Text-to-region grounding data

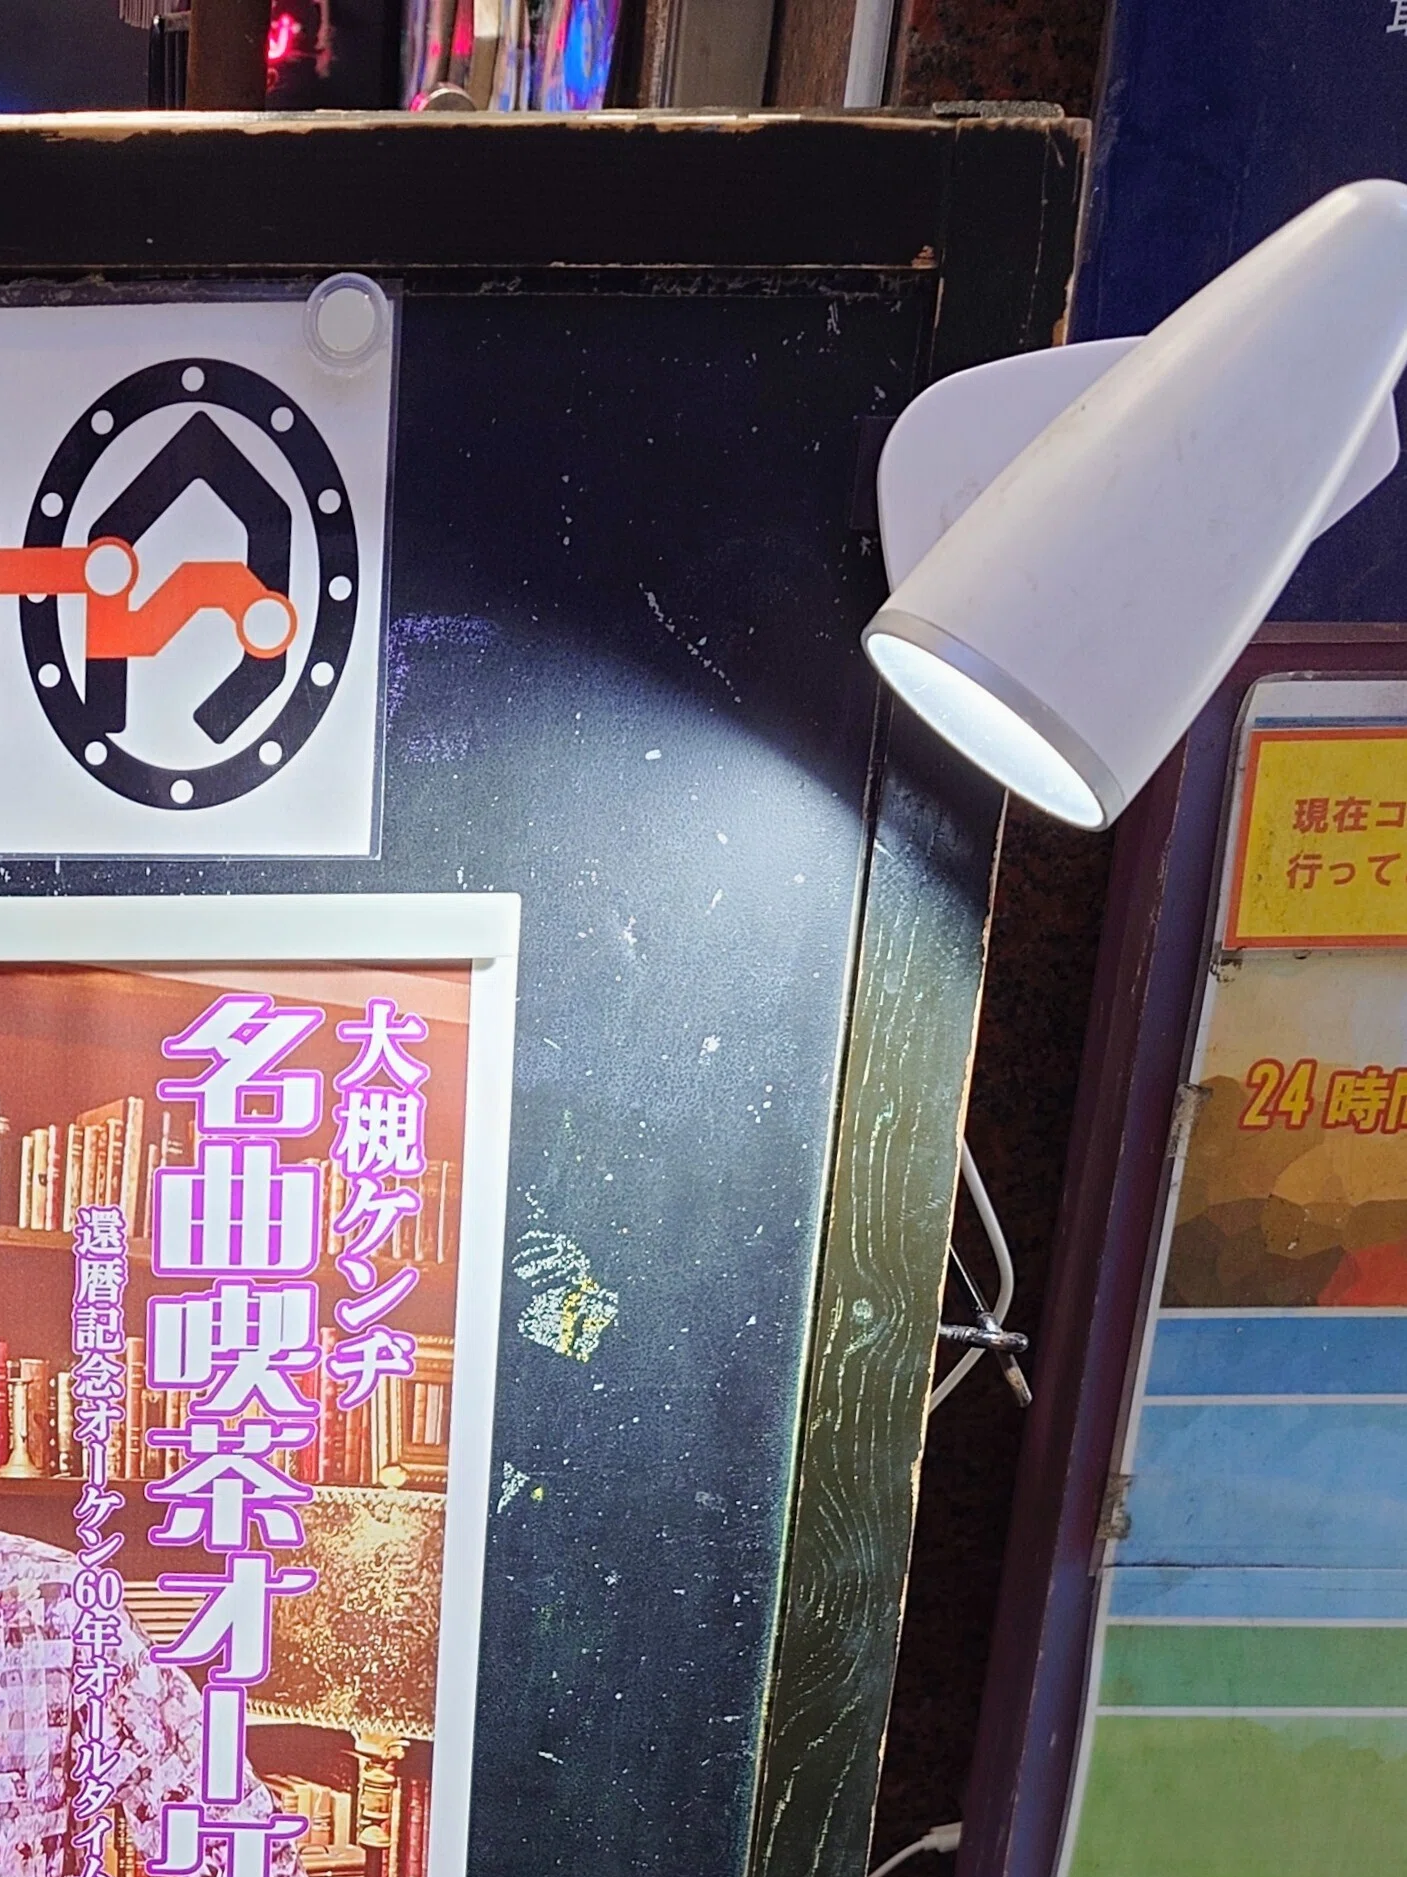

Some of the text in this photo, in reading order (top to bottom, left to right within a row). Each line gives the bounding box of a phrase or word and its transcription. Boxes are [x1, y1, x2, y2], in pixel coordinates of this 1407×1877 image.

[1286, 853, 1407, 890] 行って
[327, 997, 428, 1412] 大槻ケンヂ
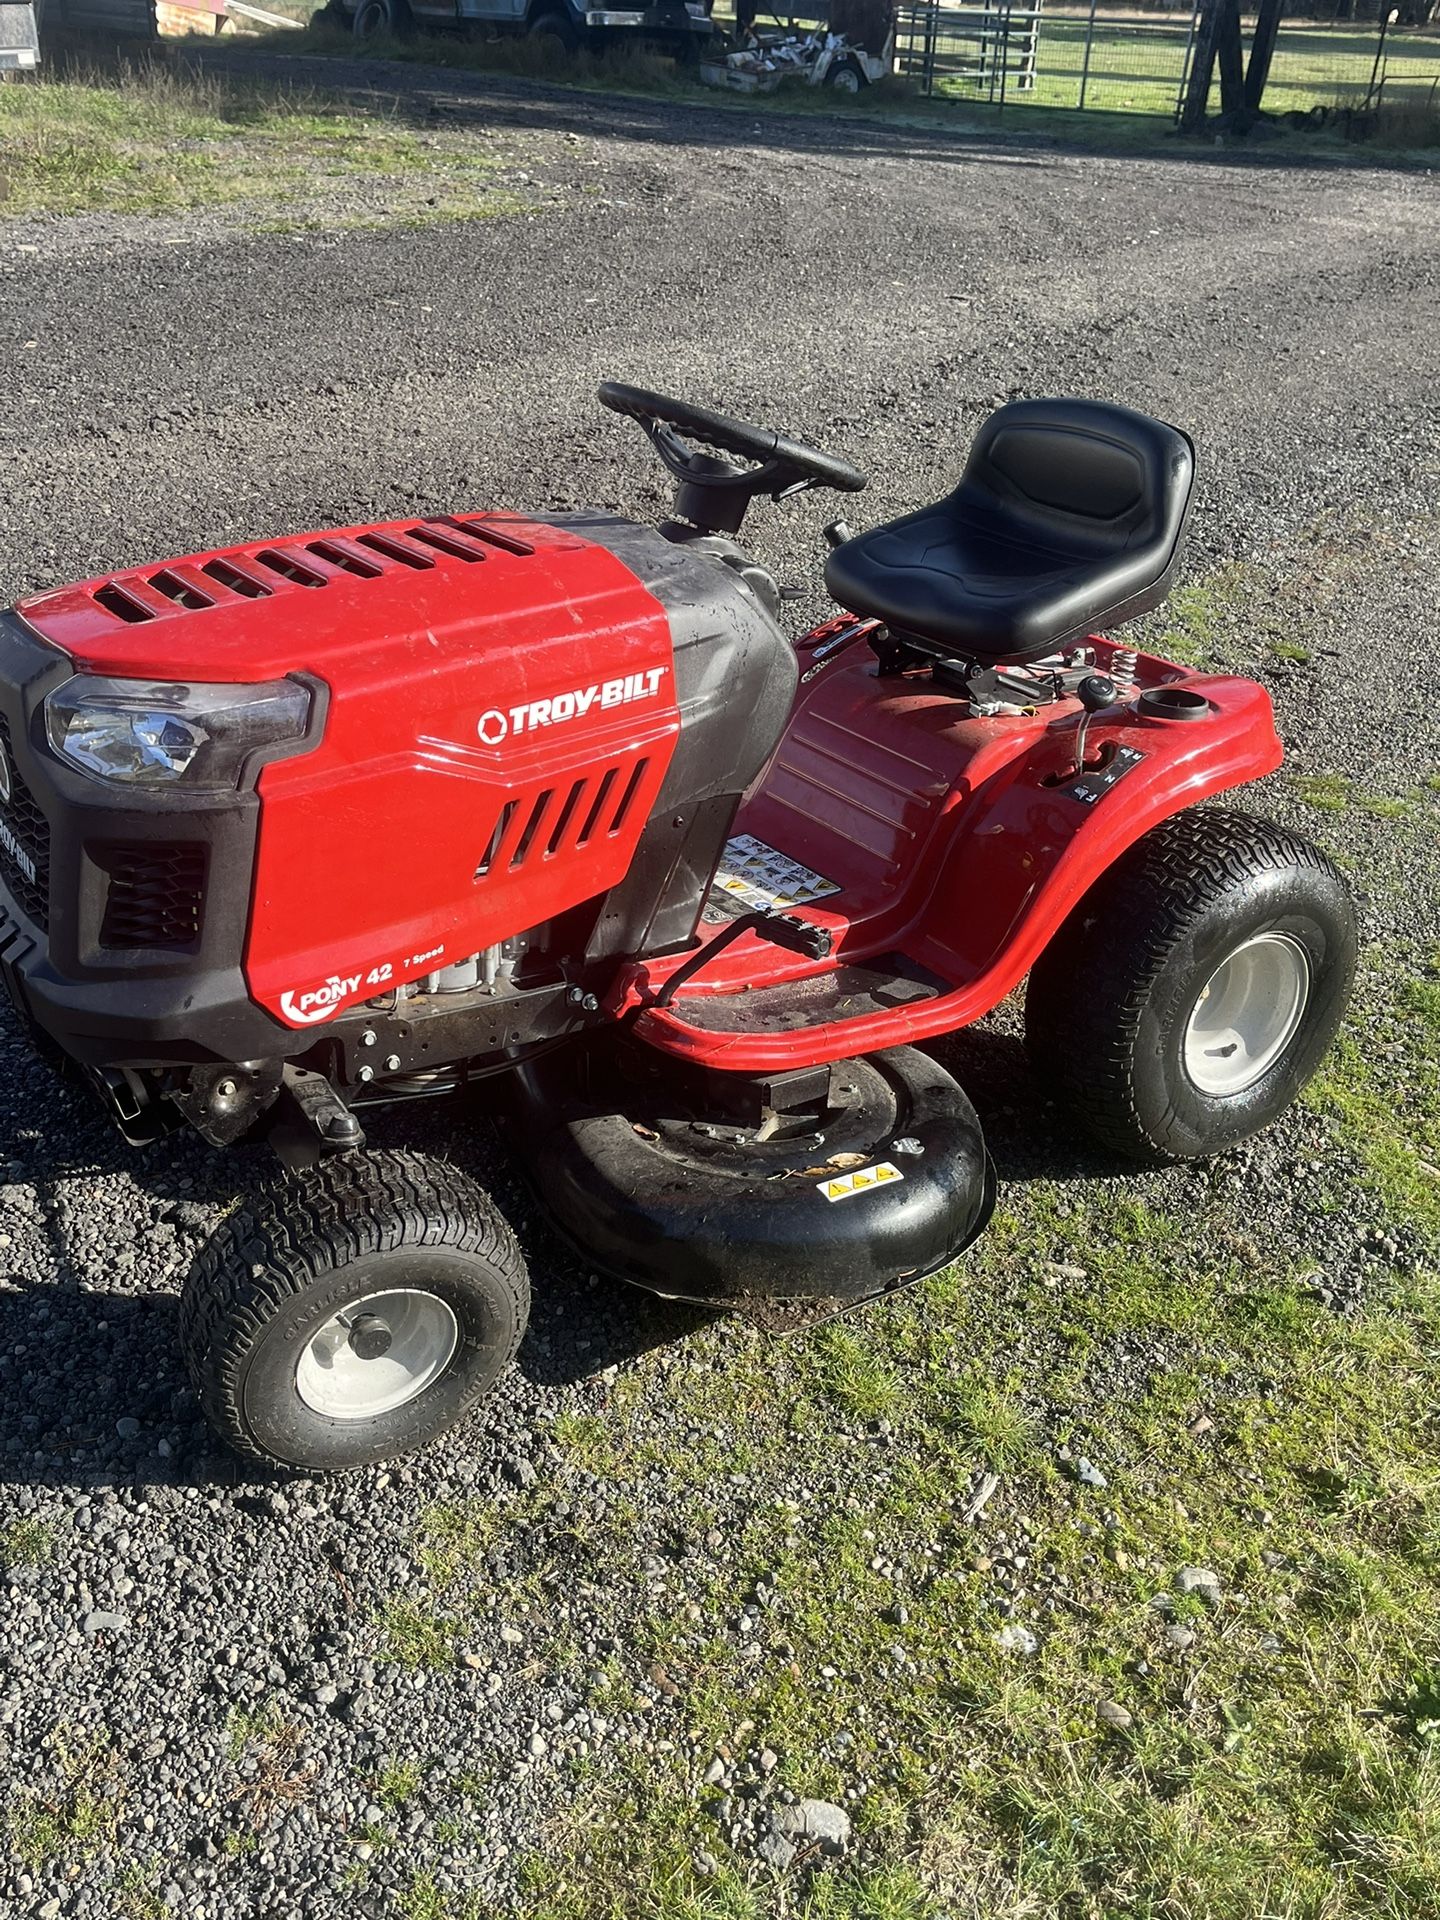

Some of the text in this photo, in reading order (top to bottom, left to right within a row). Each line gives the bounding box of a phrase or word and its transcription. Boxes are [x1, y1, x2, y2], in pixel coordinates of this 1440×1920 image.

[508, 666, 666, 735] TROY-BILT
[1104, 774, 1116, 783] N
[1085, 793, 1098, 802] F
[403, 944, 445, 968] 7 Speed
[300, 963, 393, 1011] PONY 42
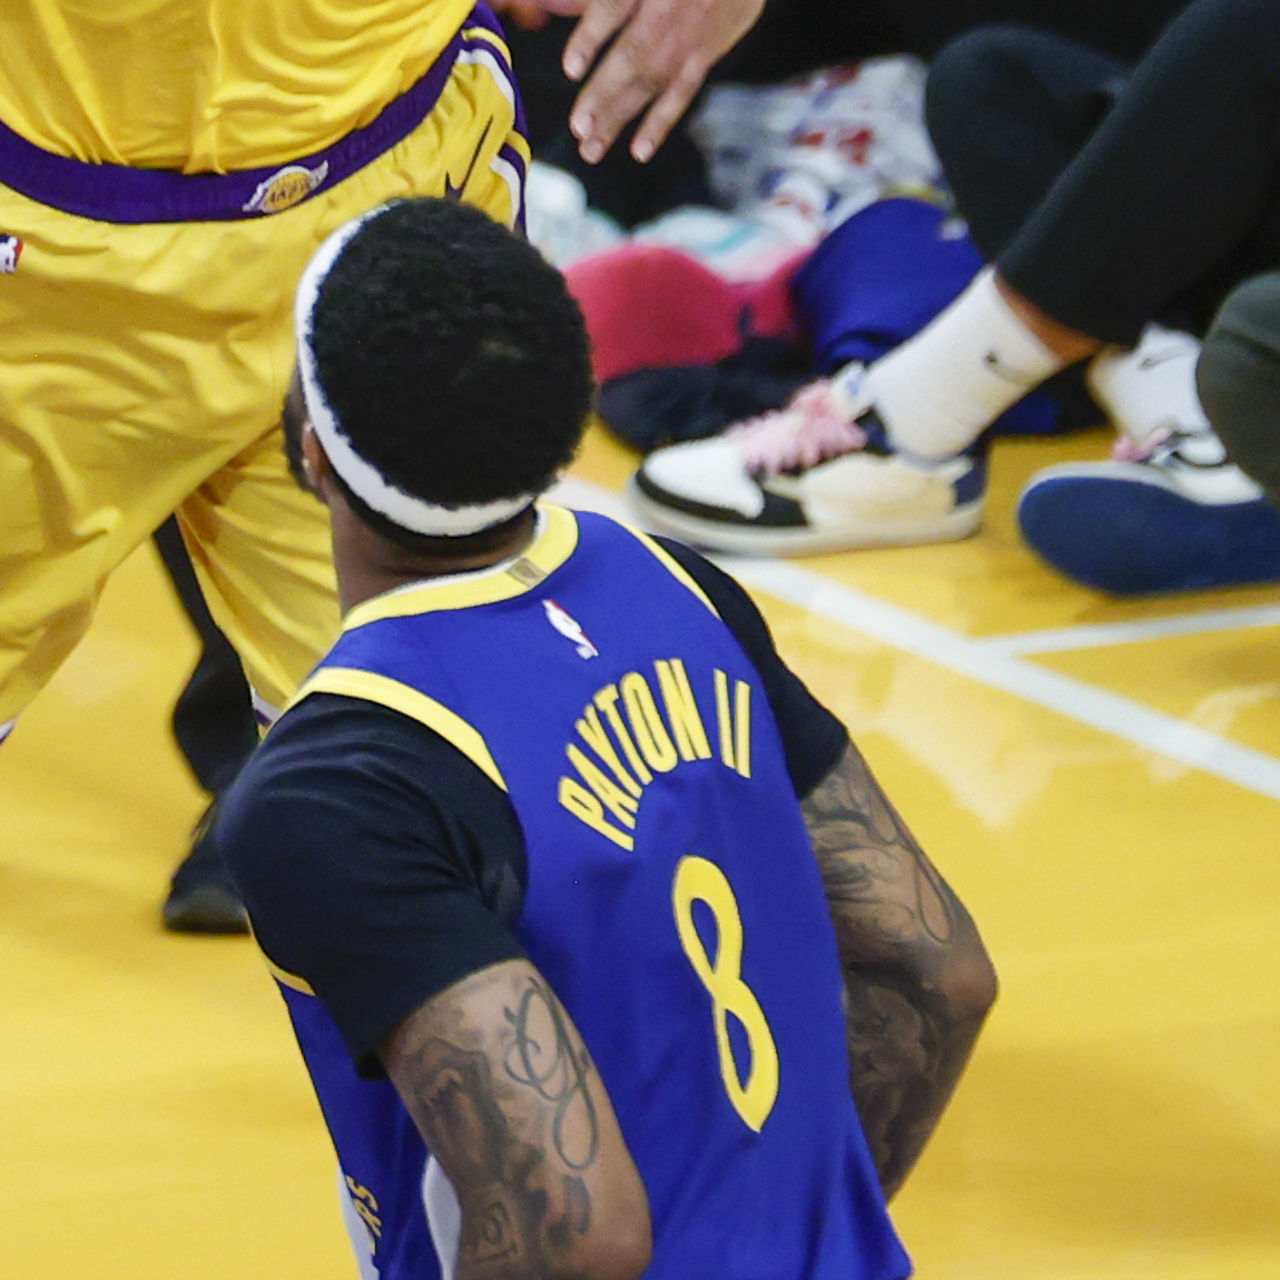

◆ **TRY IT**
Give the entries again, exactly and in full, with no image included.

◆ **RESPONSE**
Some of the text in this photo, in reading order (top to bottom, left to right within a row). Each line gives the bounding box of a phrase or word and its transcription. Boxes are [x1, y1, x2, y2], in pixel coordinates of this 1407×1877 image.

[1286, 853, 1407, 890] 行って
[327, 997, 428, 1412] 大槻ケンヂ

Some of the text in this photo, in reading order (top to bottom, left to right within a row). Each line gives the bounding box of a phrase or word and its transcription. Boxes are [x1, y1, x2, y2], in pixel coordinates of this 1440×1920 image.

[508, 666, 666, 735] TROY-BILT
[1104, 774, 1116, 783] N
[1085, 793, 1098, 802] F
[403, 944, 445, 968] 7 Speed
[300, 963, 393, 1011] PONY 42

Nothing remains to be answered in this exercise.